Problem description: When you copy the entries, omit the images and keep every word as it is.

Material to process:

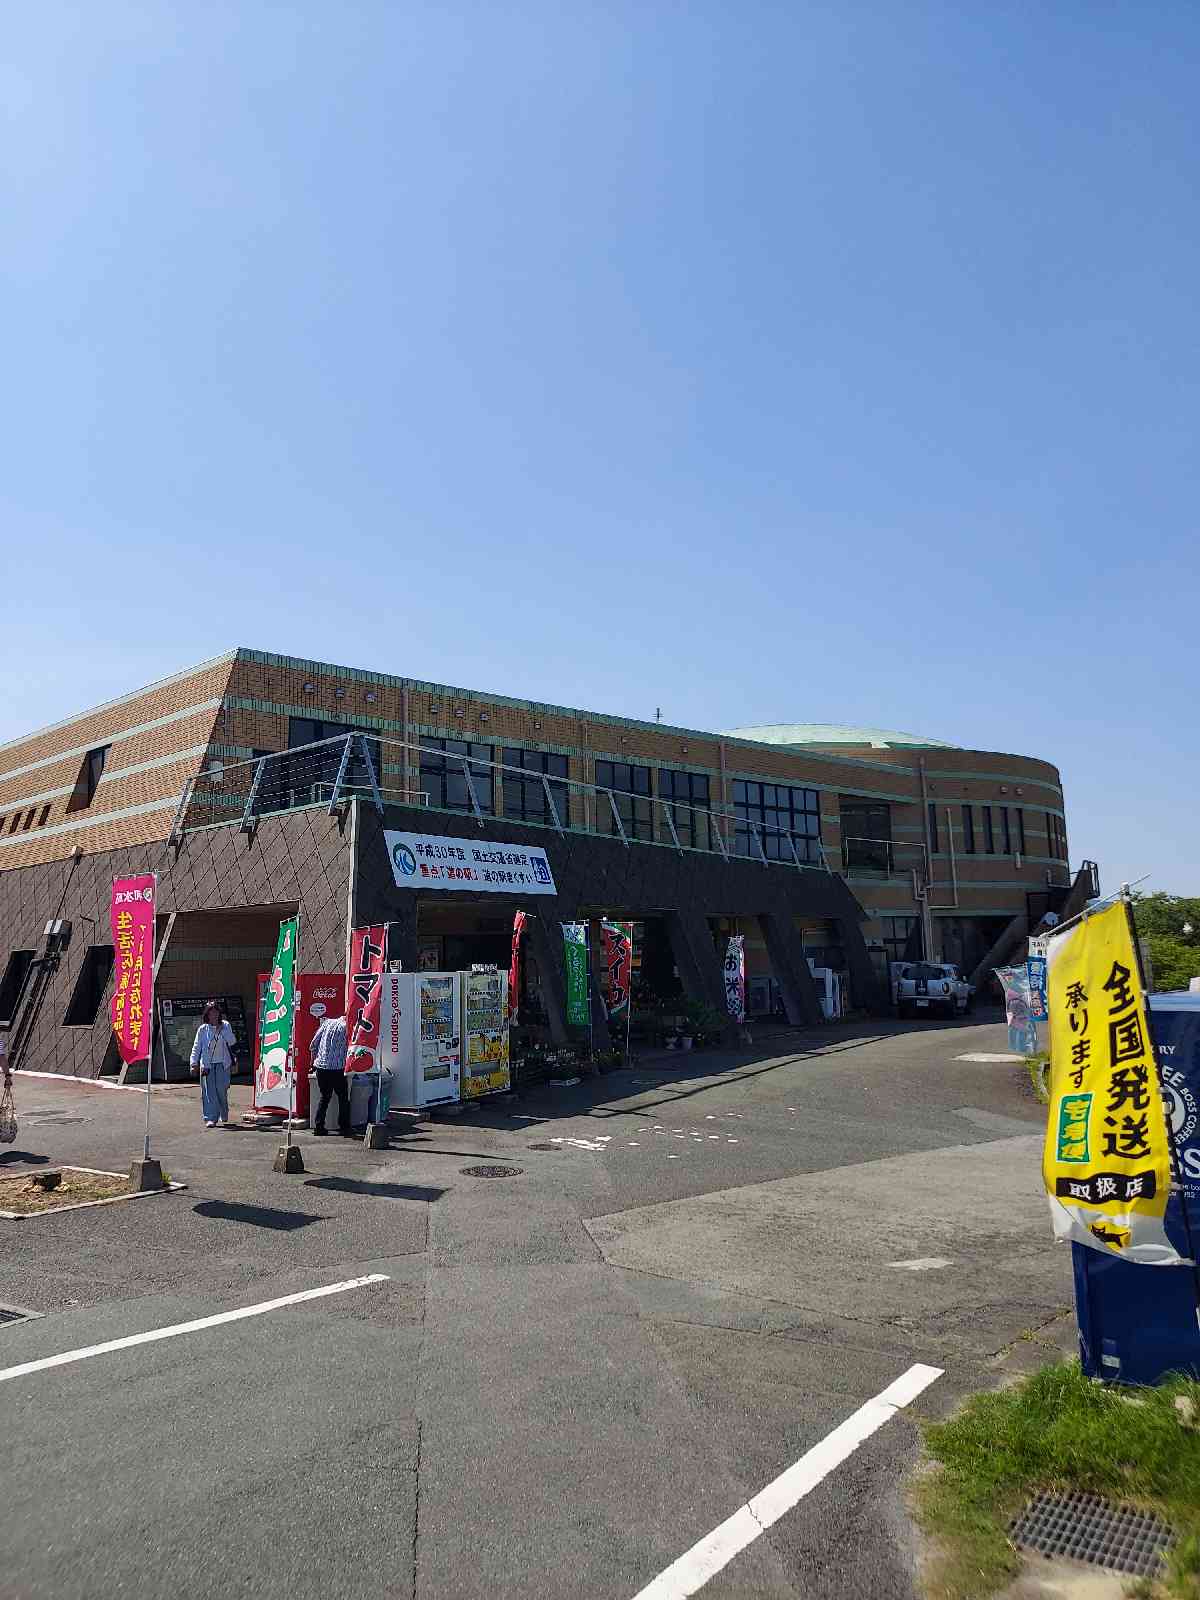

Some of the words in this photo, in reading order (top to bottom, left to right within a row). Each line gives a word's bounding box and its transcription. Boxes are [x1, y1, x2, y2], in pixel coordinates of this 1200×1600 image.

[415, 843, 466, 860] 平成30年度
[472, 849, 530, 866] 国土交通省選定
[351, 935, 383, 1045] トマト
[608, 932, 626, 1005] スイカ
[1065, 981, 1091, 1088] 承ります
[1101, 960, 1151, 1160] 全国発送
[1180, 1087, 1198, 1113] BOSS
[1174, 1115, 1197, 1145] COFFEE
[1069, 1177, 1144, 1200] 取扱店

Solution for this exercise:
Some of the words in this photo, in reading order (top to bottom, left to right within a row). Each line gives a word's bounding box and its transcription. Boxes are [x1, y1, x2, y2], in pixel coordinates of this 1200×1600 image.

[415, 843, 466, 860] 平成30年度
[472, 849, 530, 866] 国土交通省選定
[351, 935, 383, 1045] トマト
[608, 932, 626, 1005] スイカ
[1065, 981, 1091, 1088] 承ります
[1101, 960, 1151, 1160] 全国発送
[1180, 1087, 1198, 1113] BOSS
[1174, 1115, 1197, 1145] COFFEE
[1069, 1177, 1144, 1200] 取扱店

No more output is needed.